Maxine, Rochelle and Alana Schube
Tell us a little about yourself.
Maxine (Maxx): I was born in NY and moved to Atlanta when starting high school. At 15, I met my husband, Keith, an Atlanta native, at the Jewish community center. We married right after graduating from college and recently celebrated our 33rd anniversary. We have three children: Rochelle, Jeremy and Alana. I am one of three girls. My middle sister was diagnosed with ovarian cancer at 33 (20 years ago) but genetic testing was in its infancy, and we had no female cancers in the family. Six years later, I was diagnosed with breast cancer at 41. The doctors recommended genetic testing, and we found out I had the BRCA1 mutation. My parents were tested. My father was the carrier. We were told to have our children tested when they were in their 20s.
Rochelle: I am a LMSW and a bereavement coordinator and counselor at Crossroads Hospice. After watching my family's pain after my aunt passed away when I was only 10, I knew I wanted to help other people during such a difficult time. I am also proud to be an ambassador for an organization called Bright Pink that provides support for young women at high risk for these cancers. I had genetic testing at 23, tested positive for BRCA1, and opted to have my breasts and ovaries checked every six months, thinking that when I reached 30 I would talk to my doctors about prophylactic surgery. When my younger sister was 23 and I was 28, she was diagnosed with breast cancer. I had my routine MRI scheduled, and they saw a suspicious irregularity. Unable to do a needle biopsy, my surgeon recommended a double mastectomy. Luckily mine was benign, but I am relieved that I don't have to worry about breast cancer anymore.
Alana: I am an elementary school teacher at The Davis Academy, the Jewish day school I attended growing up. Knowing my mom had breast cancer I decided on genetic testing at 21. I tested positive for BRCA1 and was told I did not need surveillance until I was 25. At 23, I was finishing college and student teaching at the University of Georgia.

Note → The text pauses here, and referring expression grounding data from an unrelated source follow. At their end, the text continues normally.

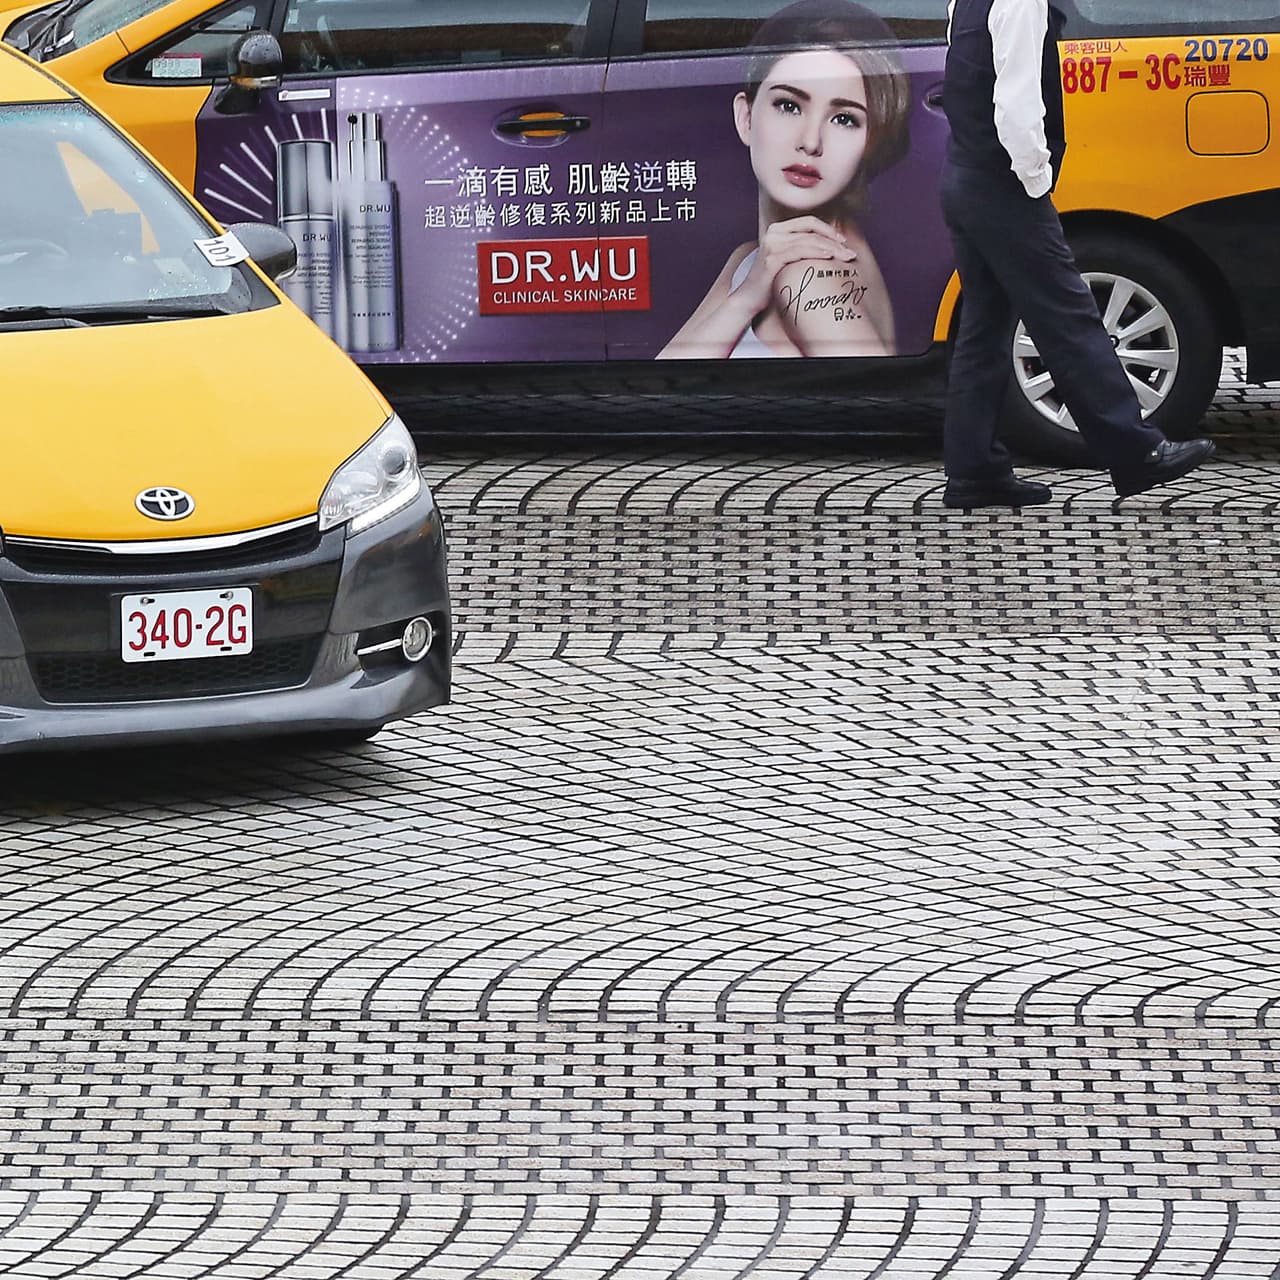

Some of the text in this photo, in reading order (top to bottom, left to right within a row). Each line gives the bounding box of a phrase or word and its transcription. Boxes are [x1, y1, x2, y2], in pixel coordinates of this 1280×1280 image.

[1063, 41, 1128, 55] 乘客四人
[1183, 37, 1269, 63] 20720
[1062, 53, 1232, 95] 887-3C 瑞豐
[424, 159, 697, 198] 一滴有感 肌齡逆轉
[359, 203, 392, 214] DR.WU
[424, 200, 696, 229] 超逆齡修復系列新品上市
[489, 245, 638, 286] DR.WU
[816, 269, 859, 279] 品牌代言人
[493, 287, 637, 305] CLINICAL SKINCARE
[127, 603, 247, 652] 340-2G

I continued doing breast self-exams, and one day I felt a lump. Because I knew I was at high risk and carried the BRCA gene, I went for a biopsy and was diagnosed with breast cancer. Knowing saved my life. I went from a full-time to student to a full-time patient overnight.

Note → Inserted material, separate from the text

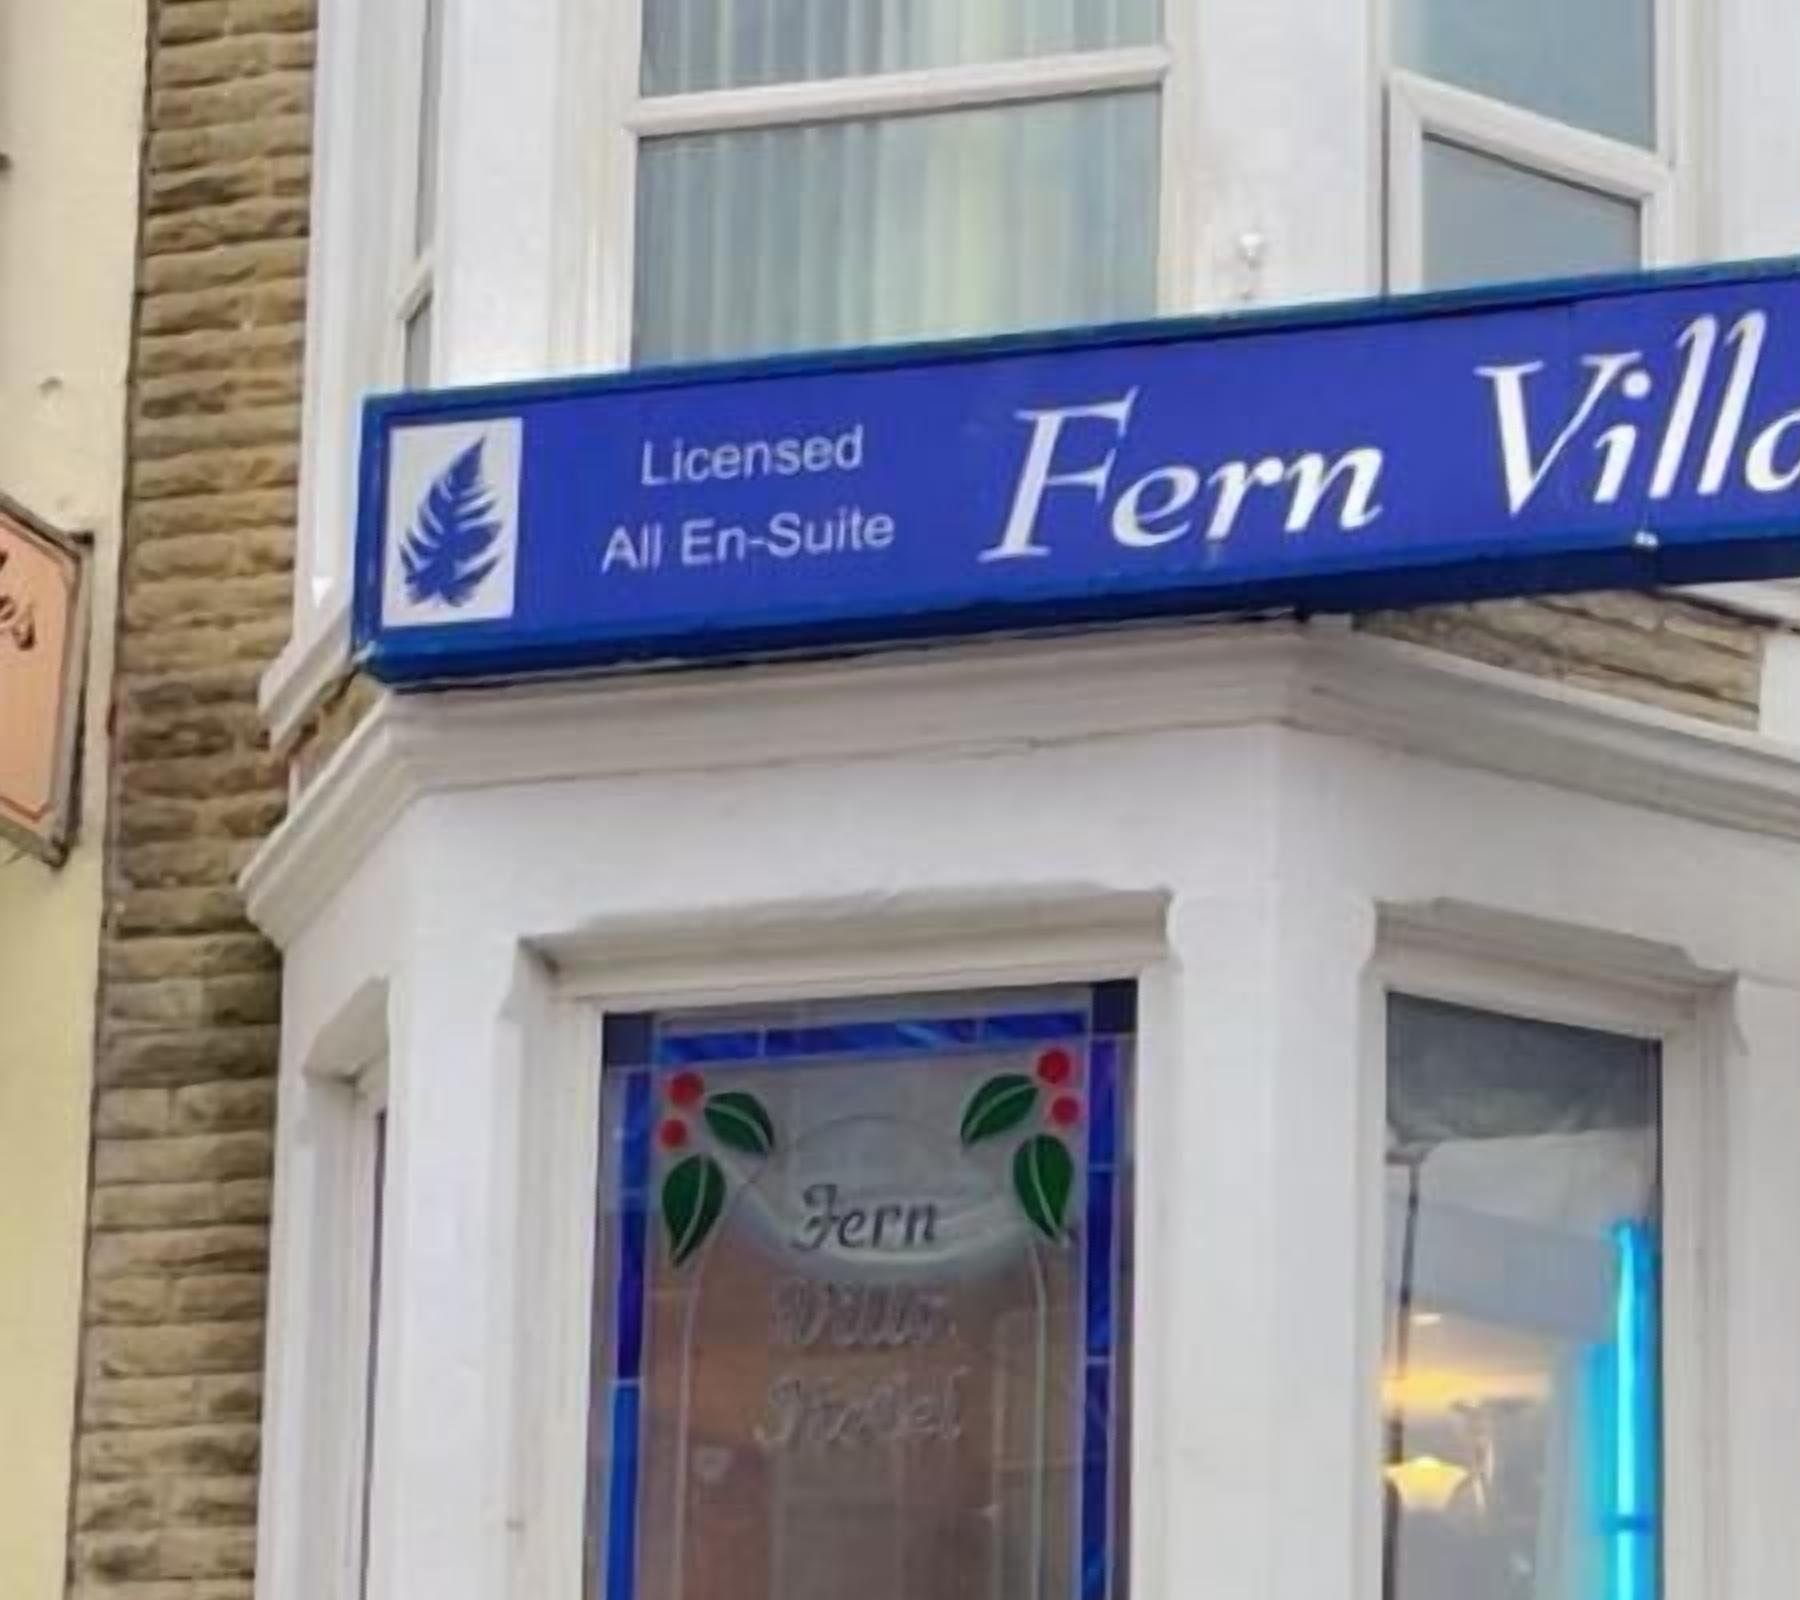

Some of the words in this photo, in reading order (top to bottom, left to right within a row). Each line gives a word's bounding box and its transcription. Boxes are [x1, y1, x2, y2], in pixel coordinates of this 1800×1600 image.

How did you get involved with Hadassah?
We are a four-generation Hadassah family. Maxx's grandmother (Rose Sandler) and her sister (Esther Forman) were founding members, major donors. There is a rose garden at Hadassah Medical Center Ein Karem named for Rose. We have heard about Hadassah from the time we were born, and are all lifetime members. We were raised with the knowledge that Hadassah women are known as "Women who do!" We were always updated about the medical breakthroughs constantly being discovered at Hadassah hospital. Hadassah is the organization that discovered the link between Ashkenazi Jews and the BRCA mutation, and that knowledge got us to where we are today.

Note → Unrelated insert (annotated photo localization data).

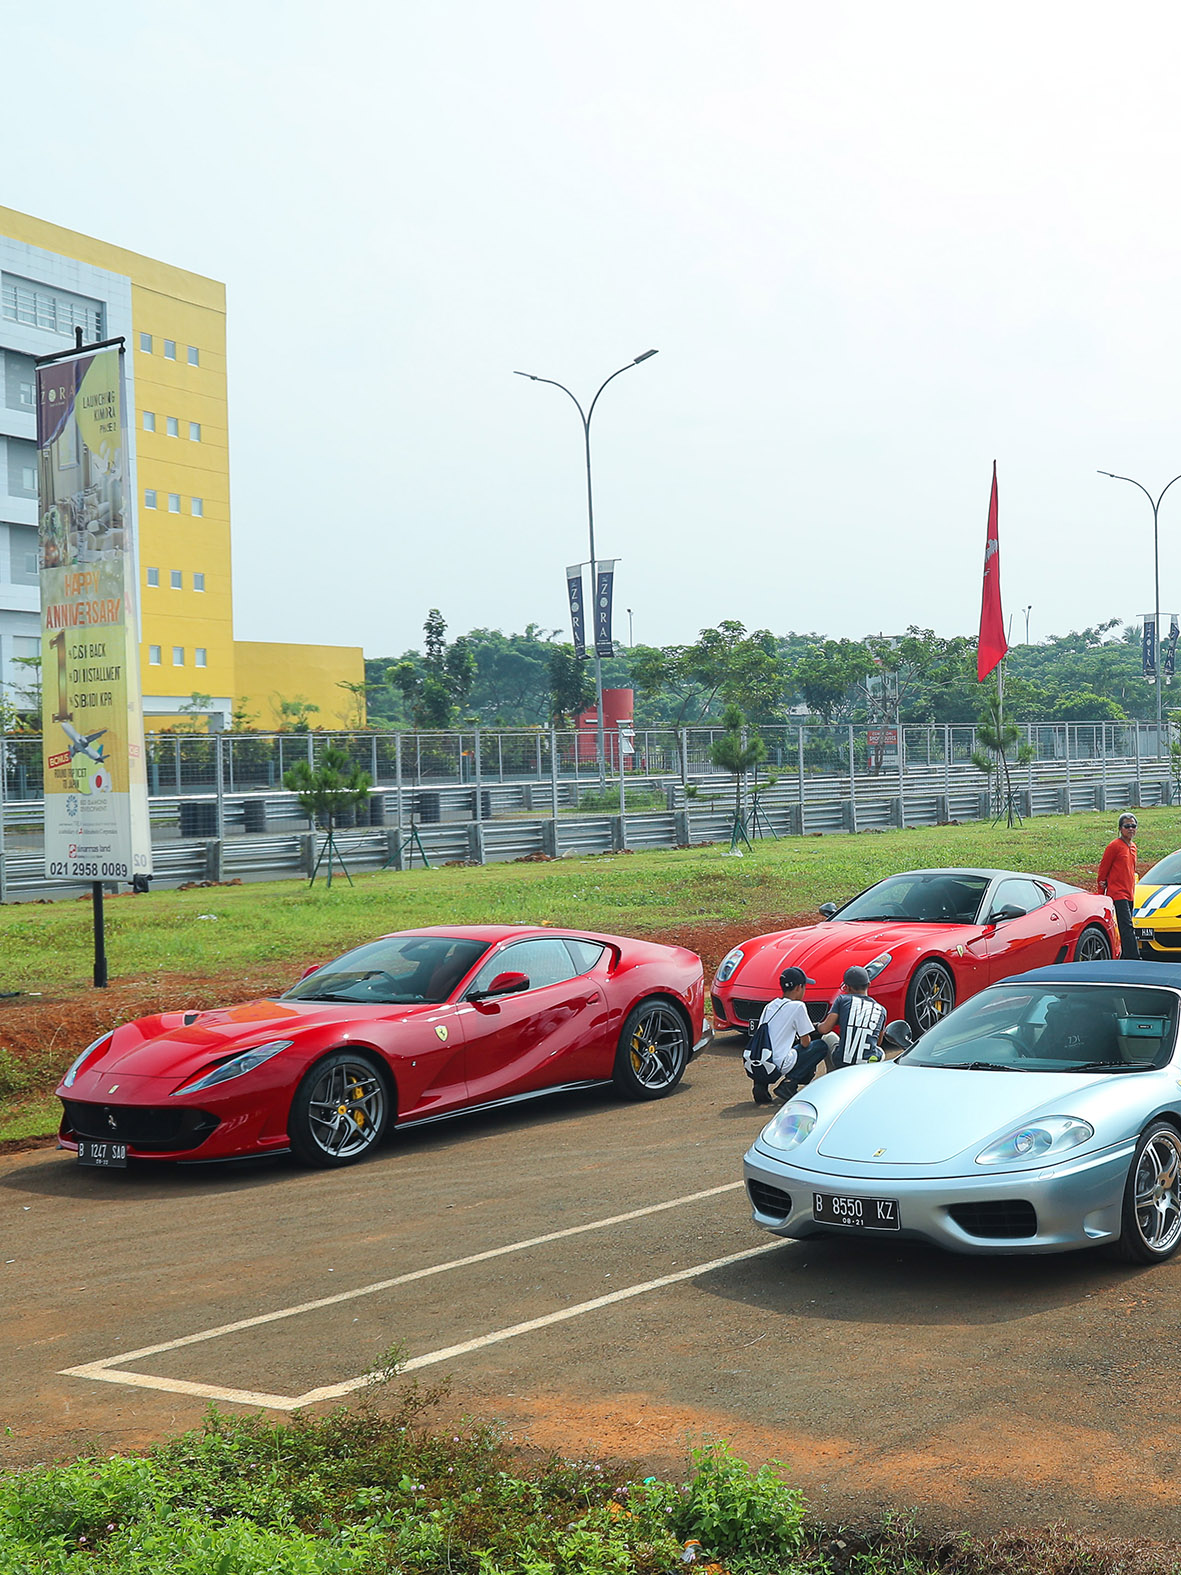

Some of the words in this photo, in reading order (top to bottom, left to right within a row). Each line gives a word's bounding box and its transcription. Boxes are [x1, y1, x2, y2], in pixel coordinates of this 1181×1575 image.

[64, 570, 100, 597] HAPPY
[46, 598, 121, 629] ANNIVERSARY
[50, 862, 68, 876] 021
[72, 862, 98, 876] 2958
[101, 863, 127, 877] 0089
[79, 1143, 84, 1157] B
[91, 1144, 107, 1158] 1247
[816, 1194, 823, 1211] B
[832, 1197, 863, 1217] 8550
[876, 1201, 894, 1219] KZ

What is it about Hadassah that resonates with you?
We were not very active in Hadassah until we were honored last year at the 2016 Atlanta Breast Strokes Event. This is when we really felt the power of these extraordinary women. Once we delved in, we learned the power of Hadassah. We have been updated, are utilizing the latest medical research being discovered, are impressed with the awareness and education that is being spread, and Hadassah's important advocacy for women and their health issues. We have experienced firsthand lifelong friendships with extraordinary women and our own personal growth. We are proud of the context that Hadassah provides for our rich Jewish continuity. We are grateful to be a part of all of it!
Share something you would like people to know about you
Our goal in coming forward with our story is to show that breast cancer doesn't care how old you are: It is not our mother's disease anymore. Young women need to know their own bodies, pay attention to irregularities, be empowered , be educated. You can save your own life (like Alana did) or someone else's.
Maxine: Although both of my daughters tested BRCA positive, our son was negative for the gene. He was lucky. But men can and do carry the gene, so men, boys, and sons should be tested, too. My girls are all good now! Our story has a happy ending, and we want other people's story to be happy, too!